There are only 2 sysadmins so yes we work on all OS's
I have also ran .NET backed stuff that was larger than this... It's not that uncommon. In my experience the guys running .NET backed stuff just aren't usually as vocal about things. ;) hi5 (the social network) also runs a lot of .NET and SQL Server nowadays. They're also running Windows Server: http://www.microsoft.com/casestudies/Case_Study_Detail.aspx?...
A (large) previous company of mine used .NET for an internal operation which was a high volume database oriented application. Assuming it's still in use, I'm reasonably certain it did quite a lot more volume than that (orders of magnitude more), but it wasn't a website.
I found it curious that there is so much hardware that is at around 20% utilization. Wouldn't it be better to have less hardware with higher utilization and buy cheaper/better hardware later if warranted?
Absolutely not. Servers and disk space are inexpensive. The closer you are to capacity, the less burst room you have. Pushing your hardware to near max capacity is a recipe for disaster.
R610s are going to have dual PSUs, and they have redundant storage arrangements, so potentially they could experience hardware failure but no downtime.
Chance of hardware failure in a modern server in a colo, assuming it's been stress tested to find DOA hardware before being put in production? Low.
A quick spec on Dell's site, rough guess for the SSDs, the web servers are running around $4,000 each, or $4,500 with better warranty. Saving of 6 servers is >$20,000.
It's entirely up to their funding and growth plans and risk acceptance if that's a useful saving, but if they were a ramen-profitable-is-goal-one startup, it would be months of runway.
They apparently have two developer/sysadmins, so the $20K savings is less than a month of their salaries. For the redundancy and growth that affords, it's a no-brainer.
Probably, but considering the amount of bragging (not meant pejoratively) they've done about how cheap their hardware is considering their traffic, it's probably not a huge bank-breaking issue. Also, they could almost certainly be significantly more energy efficient with hardware running near 100% utilization.
Well, when you're putting your own hardware in your own datacenter it can take hours (or days) to scale capacity. If you have a huge traffic spike that can really hurt the user experience. It's much better to have it on standby. We learned this the hard way at Hive7 with our first social game...
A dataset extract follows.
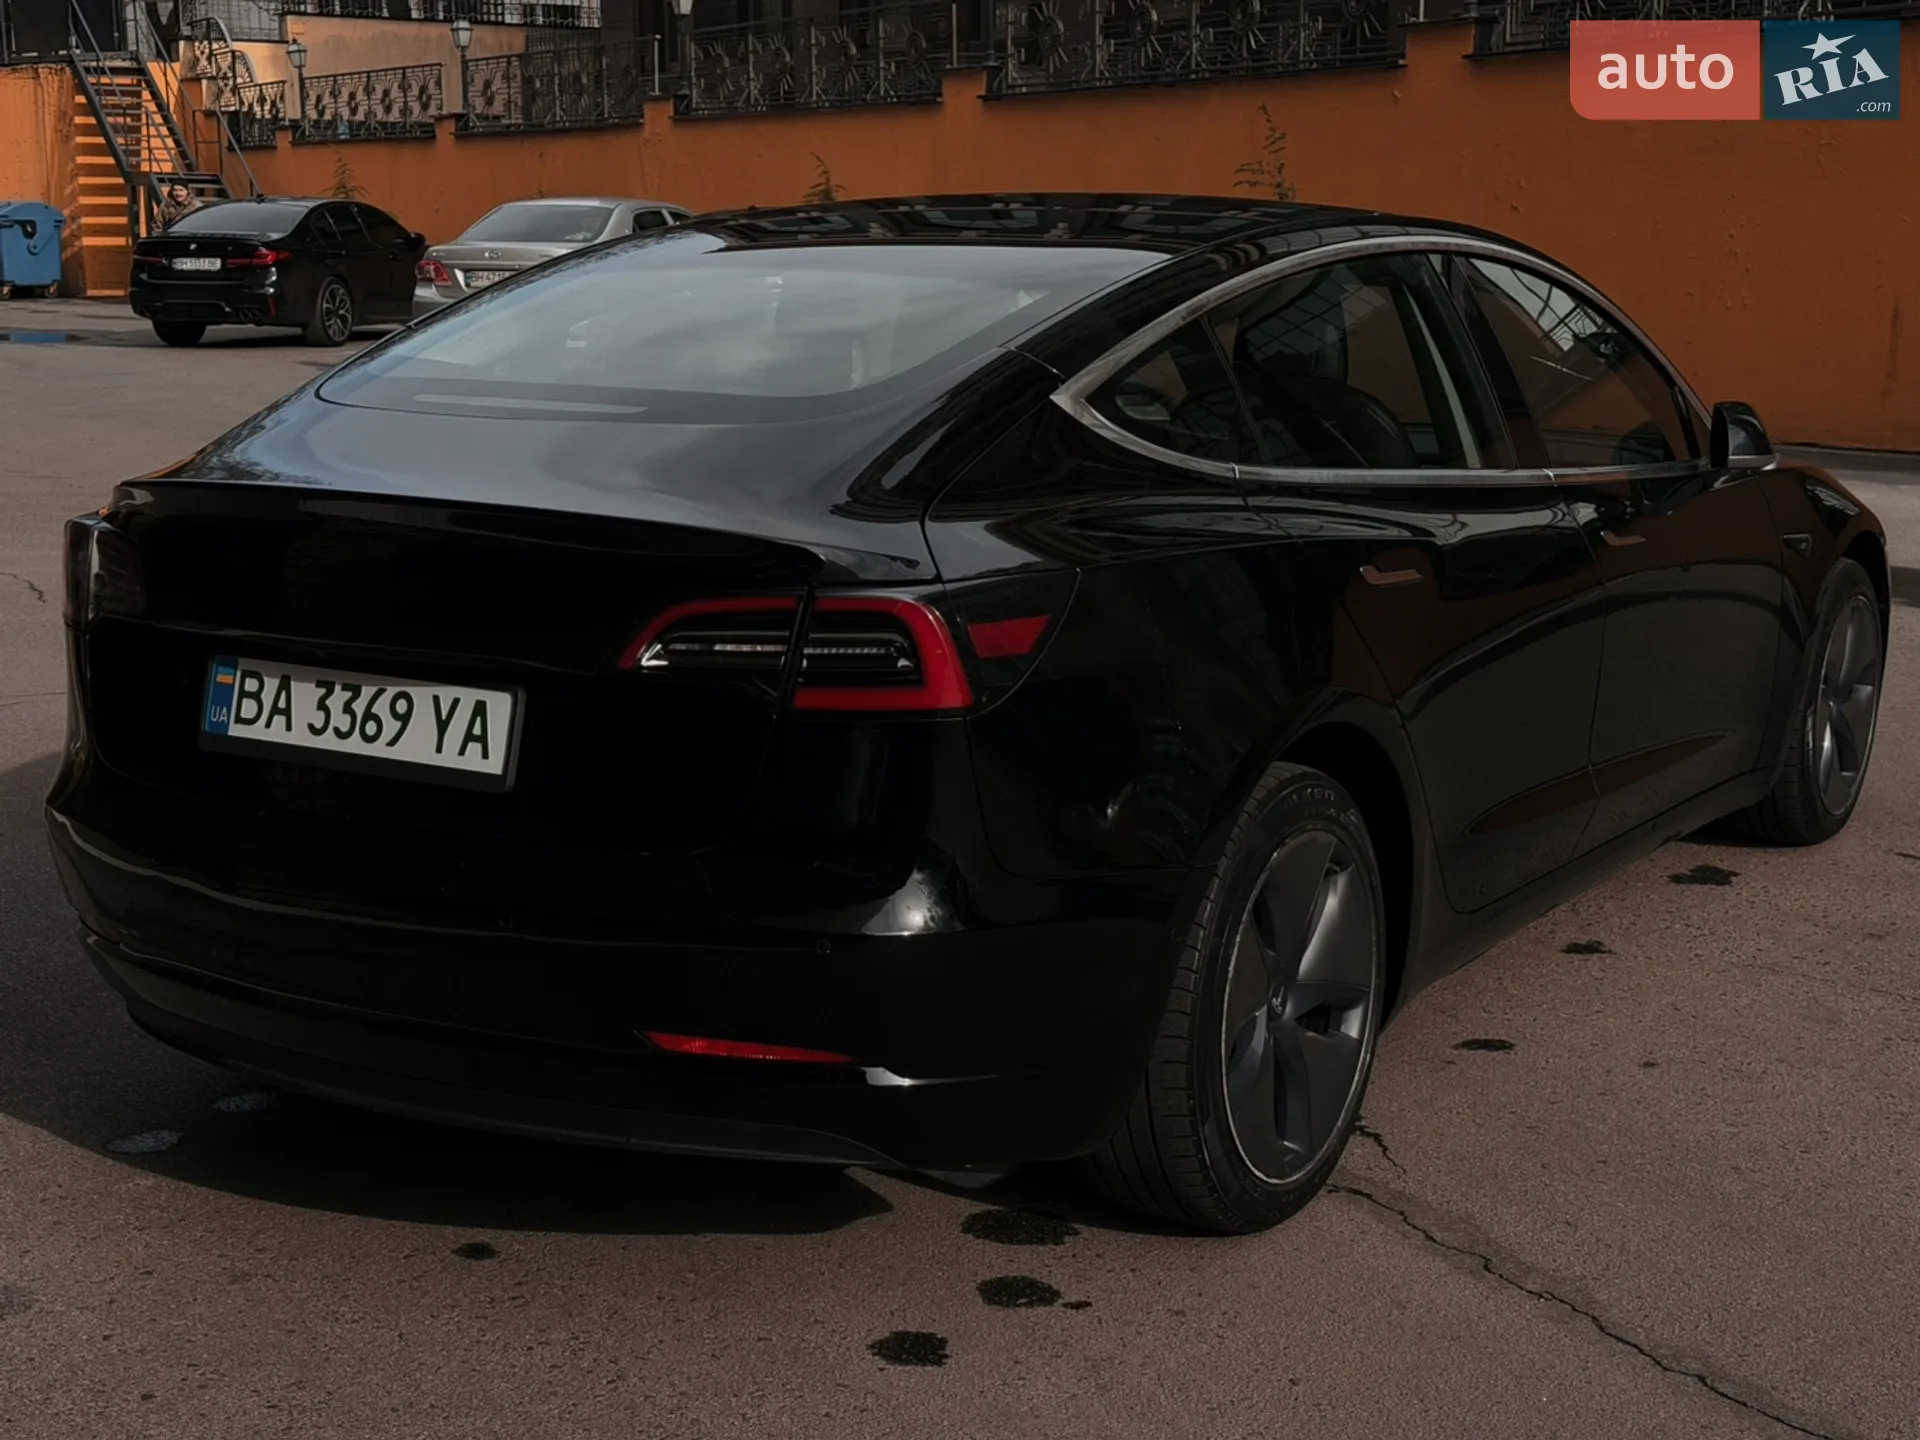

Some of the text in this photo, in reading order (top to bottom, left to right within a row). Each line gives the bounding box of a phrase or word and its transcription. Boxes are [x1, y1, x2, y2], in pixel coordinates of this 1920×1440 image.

We backup our databases nightly and restore them to two different locations. One local to our NY data center for our devs to work against, and one remote in our OR data center.
This is a nice overview.
The article mentions database pairs for the MSSQL servers. What high availability mode is used, database mirroring or cluster?
Could someone clarify this: the post says that the servers are in _our_ Data Center in NY and OR. I have always thought that DCs host 100s to 100,000 machines! Is this a colo?
EDIT: What is the typical network utilization for such web-services?
One may comment about where they live by calling it "my apartment complex", for example, even though they merely rent a single unit rather than own the entire complex. I think that's the same verbal construction as here.
Does 9.5-10 Million hits a day make them the largest .Net backed site?